La imagen de Ntra. Sra. de la Victoria, datada en el siglo XVII, también es de autor desconocido, aunque no se descarta que fuese realizada por las manos del imaginero José Montes de Oca. También hay quienes creen que pudo ser realizada por algún discípulo de la escuela de Martínez Montañés.
La talla de San Juan Evangelista se piensa que fue realizada en el siglo XVII por el destacado artista Pedro Duque Cornejo, hijo del escultor Felipe Duque Cornejo y de la pintora Francisca Roldán, siendo por tanto nieto de Pedro Roldán. Ntro. Padre Jesús de la Humildad fue realizado en 1981 por el escultor Juan Abascal Fuentes.
La imagen que recorre Lebrija cada Miércoles Santo no es la primera imagen titular de la Hermandad de la Humildad. La talla original es el Cristo de la Humildad y la Paciencia, realizado en el siglo XVII y de autor desconocido.Actualmente se encuentra en el coro la Capilla de la Aurora. Cada Miércoles Santo la Virgen de la Victoria se convierte en alcaldesa de la ciudad de Lebrija.
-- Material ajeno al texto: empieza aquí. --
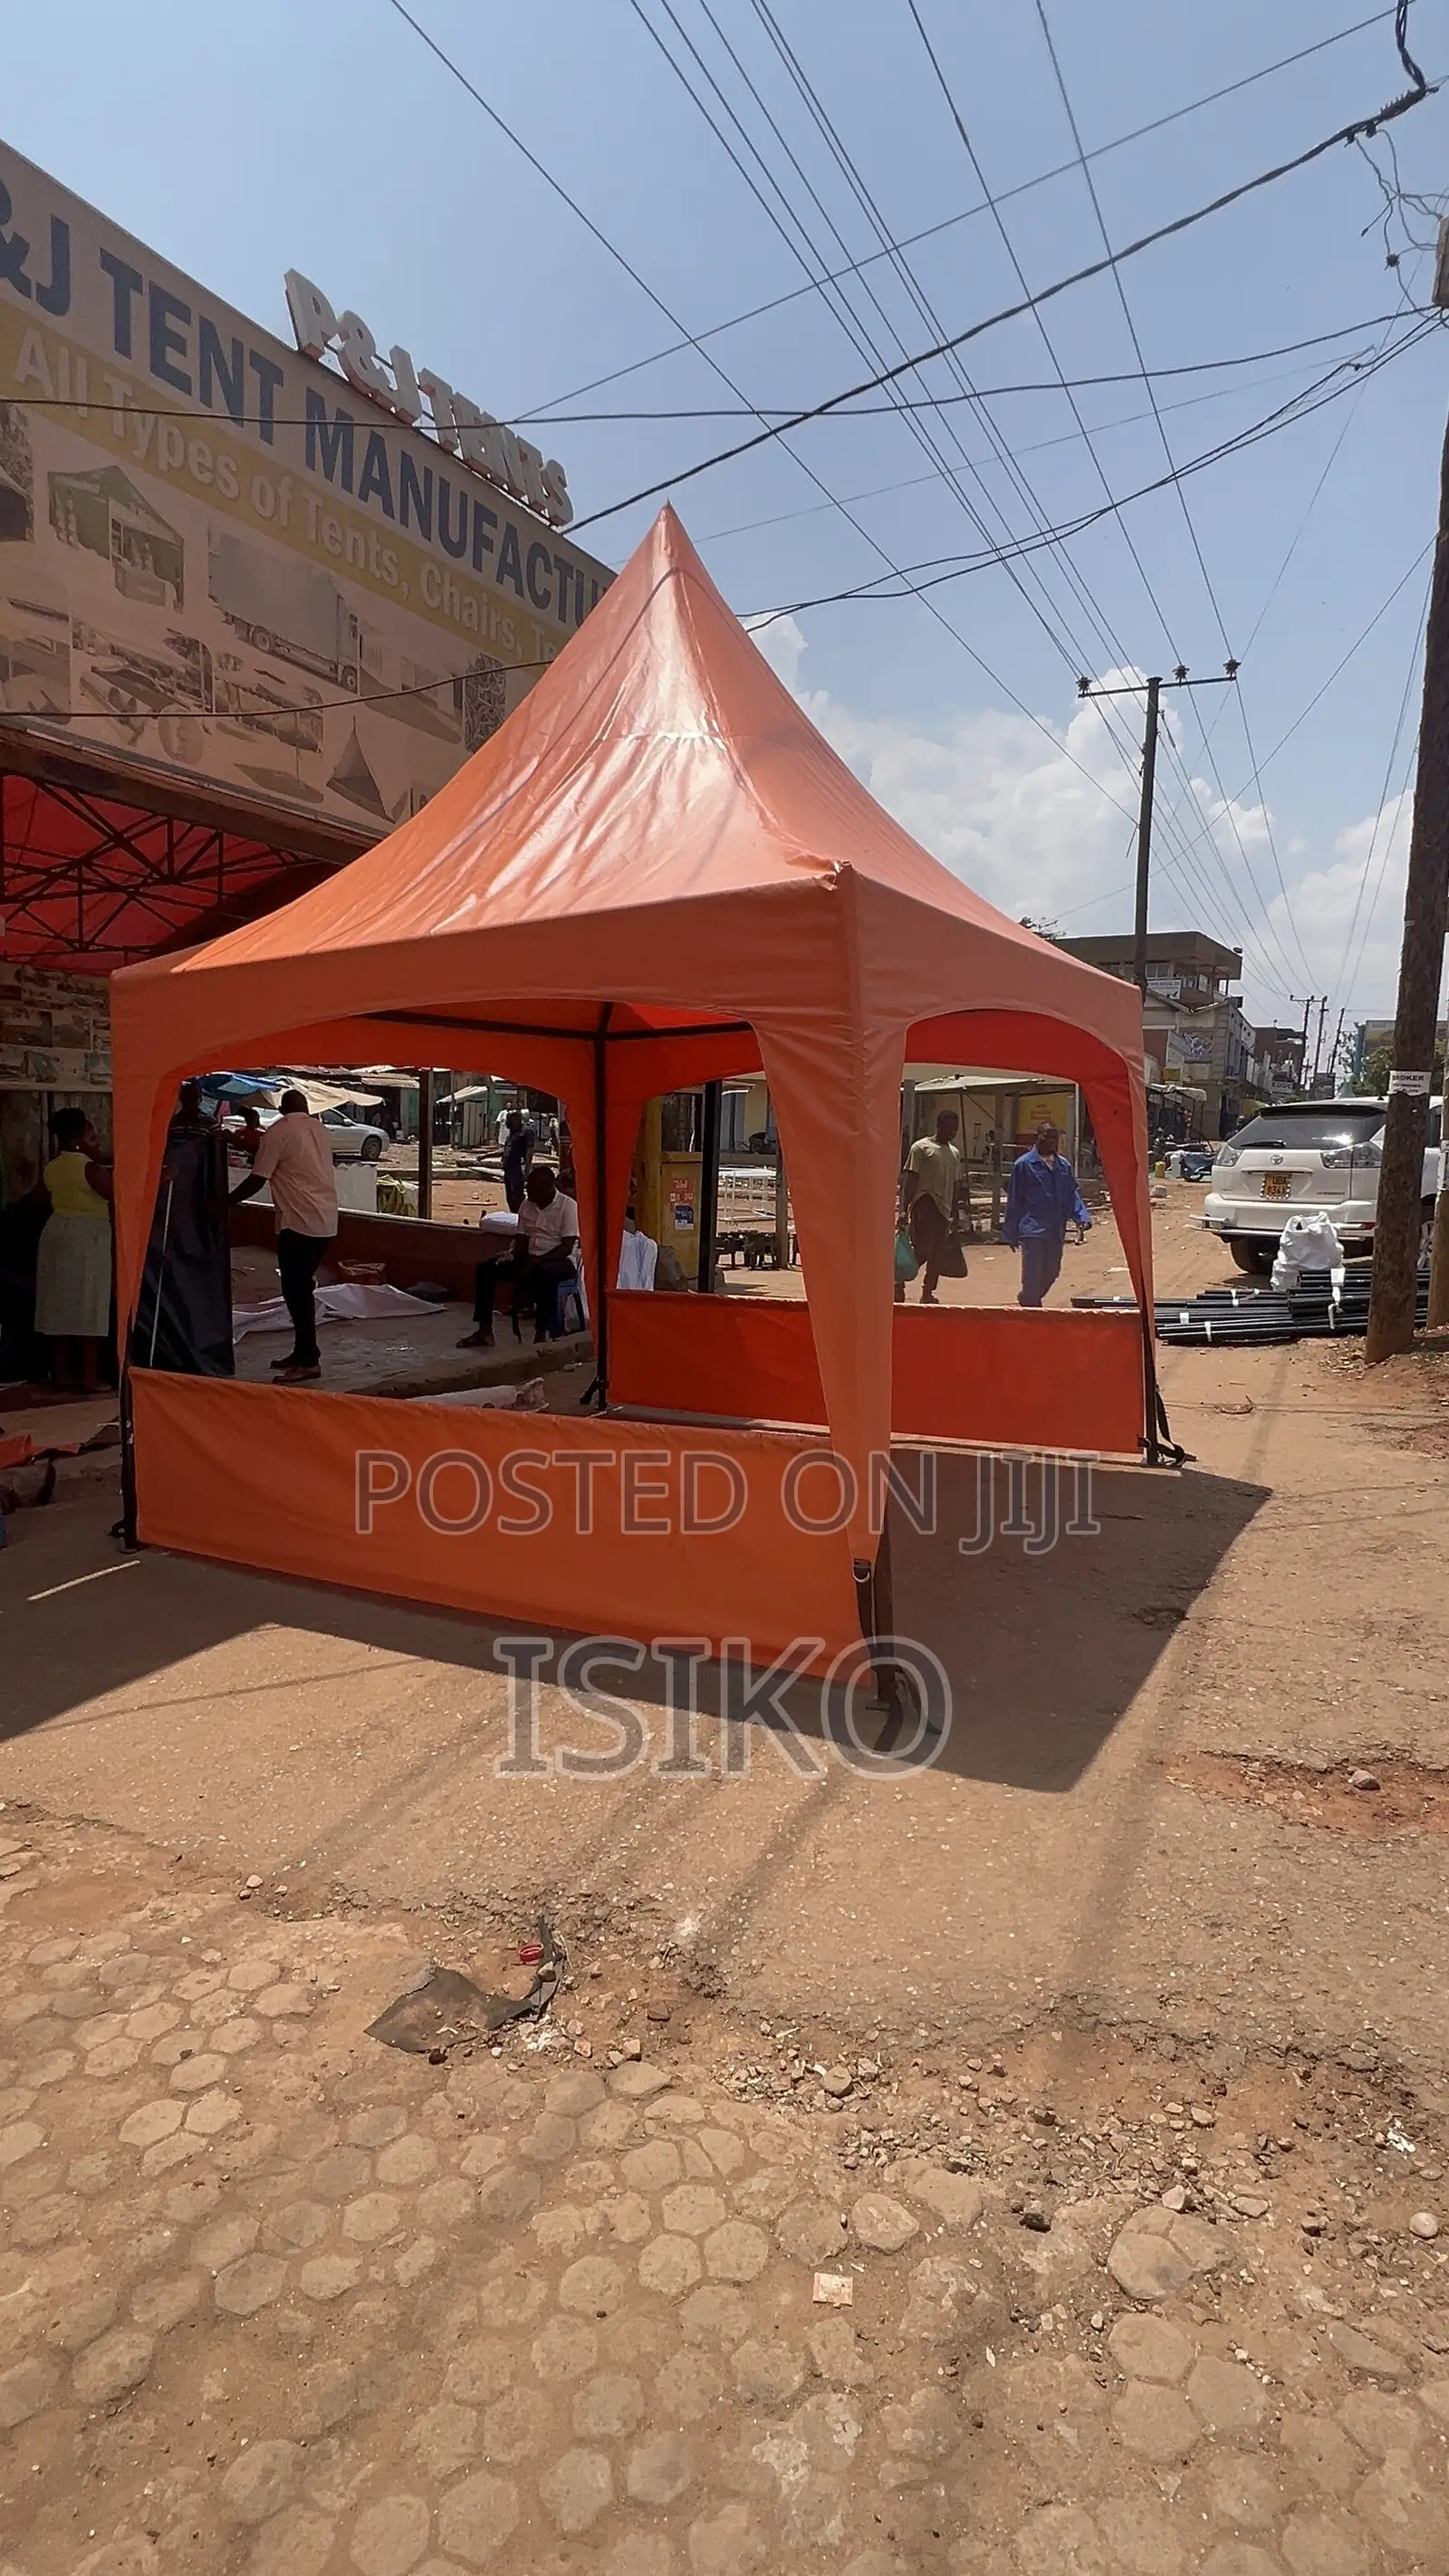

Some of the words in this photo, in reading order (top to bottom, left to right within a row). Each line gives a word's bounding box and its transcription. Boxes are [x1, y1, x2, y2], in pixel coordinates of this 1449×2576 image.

Esto ocurre desde 1991 cuando la Alcaldía de Lebrija es nombrada Hermana Mayor Honoraria de la Hermandad, por lo que cada año en la mañana del Miércoles Santo, la alcaldesa cede la vara de mando para que la Virgen lo porte durante toda su estación de penitencia.
Ntra. Sra. de la Victoria tiene dos “sayas toreras”. Estas sayas (faldas) fueron realizadas en el taller de bordados de la Hermandad con trajes de luces.
El primer traje fue donado por Dña. Consuelo Ruiz de Castro y perteneció a un picador. El segundo fue donado por el novillero lebrijano José Luis Villalba, el cual perteneció antes al torero José Tomás.
ORIGEN DE LA HERMANDAD DE A HUMILDAD
El origen de esta Hermandad está estrechamente vinculado con el gremio de los molineros, quienes en el año 1640 fundaron la cofradía de San Francisco de Padua y comenzaron a sacar la procesión de penitencia bajo la insignia del Santo Cristo de la Humildad y la Paciencia de Nuestro Señor. Esta Hermandad también es popularmente conocida como “La Hermandad de los Zagales”. Esto se debe a que los primeros costaleros de la imagen de San Juan fueron los jóvenes pastorcillos de la localidad, tradicionalmente llamados “zagales”.
FECHAS IMPORTANTES
15 de agosto: Cada año en esta fecha, durante la madrugada y las primeras horas de la mañana, los hermanos pasean por las calles engalanadas de Lebrija a la Virgen de la Aurora para celebrar la Asunción de María, es decir, la subida al cielo de la madre del hijo de Dios. Durante su recorrido por el pueblo es acompañada por los lebrijanos y el Coro de Campanilleros de la Aurora, fundado en 2002 por los jóvenes cofrades de la Hermandad de la Humildad.